Task brief: The records below are to be copied word for word, with every picture left out.

(Records contained in a dataset)
━━━━━━━━━━━━━━━━

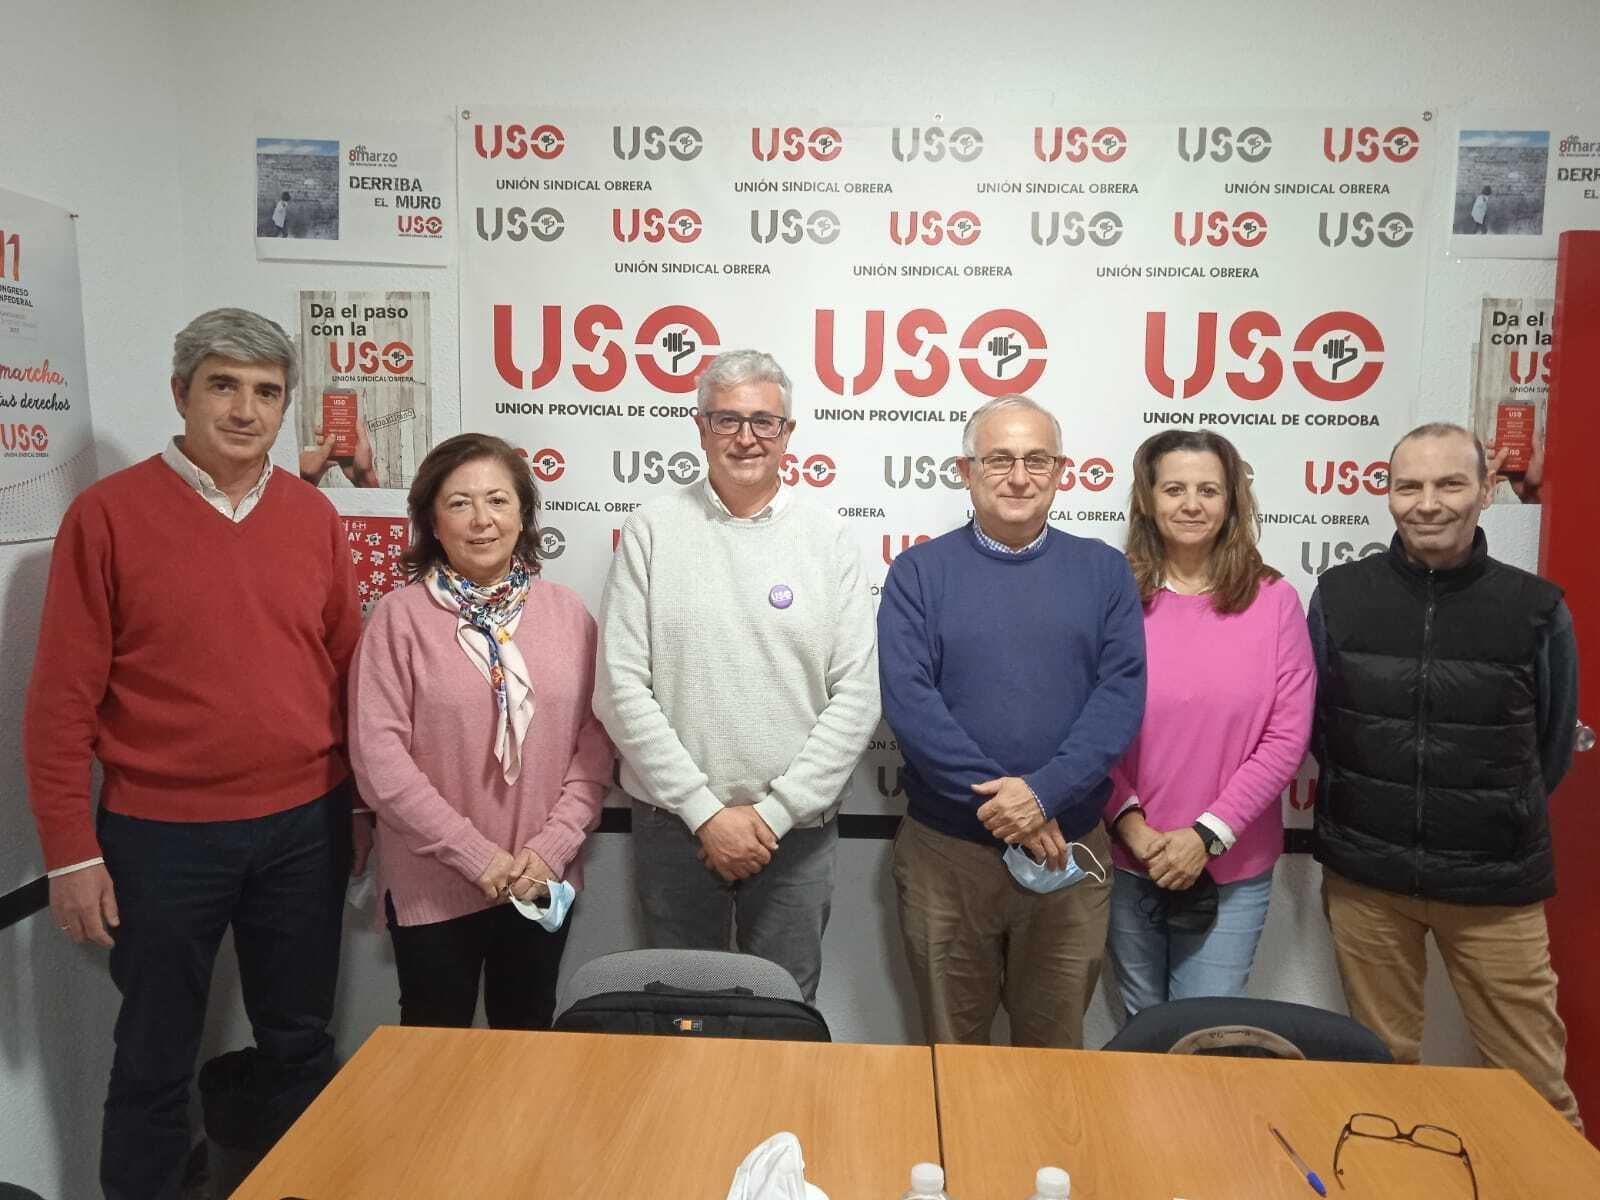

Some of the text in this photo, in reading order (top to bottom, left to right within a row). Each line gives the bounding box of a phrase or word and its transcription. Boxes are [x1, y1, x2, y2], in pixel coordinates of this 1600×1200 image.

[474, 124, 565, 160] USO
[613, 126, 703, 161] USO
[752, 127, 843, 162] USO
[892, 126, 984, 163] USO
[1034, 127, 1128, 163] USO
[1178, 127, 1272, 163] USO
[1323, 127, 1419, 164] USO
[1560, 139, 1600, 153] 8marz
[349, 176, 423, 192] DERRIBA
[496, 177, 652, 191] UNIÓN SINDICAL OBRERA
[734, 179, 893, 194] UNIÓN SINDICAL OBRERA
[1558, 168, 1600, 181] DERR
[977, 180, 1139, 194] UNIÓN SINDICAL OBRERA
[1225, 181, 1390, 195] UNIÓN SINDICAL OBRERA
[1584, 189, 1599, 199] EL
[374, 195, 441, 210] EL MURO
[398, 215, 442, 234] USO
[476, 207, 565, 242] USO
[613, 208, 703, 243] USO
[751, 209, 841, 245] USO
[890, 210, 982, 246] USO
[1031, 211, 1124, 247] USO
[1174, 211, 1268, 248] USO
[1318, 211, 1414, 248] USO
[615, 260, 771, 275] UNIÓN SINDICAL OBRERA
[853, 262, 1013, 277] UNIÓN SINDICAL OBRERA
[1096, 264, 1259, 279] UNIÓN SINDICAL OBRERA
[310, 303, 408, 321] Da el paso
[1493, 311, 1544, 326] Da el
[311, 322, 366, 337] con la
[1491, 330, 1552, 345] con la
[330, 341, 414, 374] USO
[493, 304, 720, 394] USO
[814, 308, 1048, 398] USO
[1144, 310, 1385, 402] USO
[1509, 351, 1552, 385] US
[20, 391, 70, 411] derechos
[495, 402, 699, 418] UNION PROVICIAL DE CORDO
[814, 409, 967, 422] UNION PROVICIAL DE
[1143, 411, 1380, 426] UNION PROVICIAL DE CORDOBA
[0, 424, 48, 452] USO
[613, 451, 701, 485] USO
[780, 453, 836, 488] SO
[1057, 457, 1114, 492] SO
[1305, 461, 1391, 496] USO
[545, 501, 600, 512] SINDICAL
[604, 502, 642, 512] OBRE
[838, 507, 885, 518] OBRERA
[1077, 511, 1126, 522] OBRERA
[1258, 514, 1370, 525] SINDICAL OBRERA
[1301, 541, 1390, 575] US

━━━━━━━━━━━━━━━━

Task output:
Some of the text in this photo, in reading order (top to bottom, left to right within a row). Each line gives the bounding box of a phrase or word and its transcription. Boxes are [x1, y1, x2, y2], in pixel coordinates of this 1600×1200 image.

[474, 124, 565, 160] USO
[613, 126, 703, 161] USO
[752, 127, 843, 162] USO
[892, 126, 984, 163] USO
[1034, 127, 1128, 163] USO
[1178, 127, 1272, 163] USO
[1323, 127, 1419, 164] USO
[1560, 139, 1600, 153] 8marz
[349, 176, 423, 192] DERRIBA
[496, 177, 652, 191] UNIÓN SINDICAL OBRERA
[734, 179, 893, 194] UNIÓN SINDICAL OBRERA
[1558, 168, 1600, 181] DERR
[977, 180, 1139, 194] UNIÓN SINDICAL OBRERA
[1225, 181, 1390, 195] UNIÓN SINDICAL OBRERA
[1584, 189, 1599, 199] EL
[374, 195, 441, 210] EL MURO
[398, 215, 442, 234] USO
[476, 207, 565, 242] USO
[613, 208, 703, 243] USO
[751, 209, 841, 245] USO
[890, 210, 982, 246] USO
[1031, 211, 1124, 247] USO
[1174, 211, 1268, 248] USO
[1318, 211, 1414, 248] USO
[615, 260, 771, 275] UNIÓN SINDICAL OBRERA
[853, 262, 1013, 277] UNIÓN SINDICAL OBRERA
[1096, 264, 1259, 279] UNIÓN SINDICAL OBRERA
[310, 303, 408, 321] Da el paso
[1493, 311, 1544, 326] Da el
[311, 322, 366, 337] con la
[1491, 330, 1552, 345] con la
[330, 341, 414, 374] USO
[493, 304, 720, 394] USO
[814, 308, 1048, 398] USO
[1144, 310, 1385, 402] USO
[1509, 351, 1552, 385] US
[20, 391, 70, 411] derechos
[495, 402, 699, 418] UNION PROVICIAL DE CORDO
[814, 409, 967, 422] UNION PROVICIAL DE
[1143, 411, 1380, 426] UNION PROVICIAL DE CORDOBA
[0, 424, 48, 452] USO
[613, 451, 701, 485] USO
[780, 453, 836, 488] SO
[1057, 457, 1114, 492] SO
[1305, 461, 1391, 496] USO
[545, 501, 600, 512] SINDICAL
[604, 502, 642, 512] OBRE
[838, 507, 885, 518] OBRERA
[1077, 511, 1126, 522] OBRERA
[1258, 514, 1370, 525] SINDICAL OBRERA
[1301, 541, 1390, 575] US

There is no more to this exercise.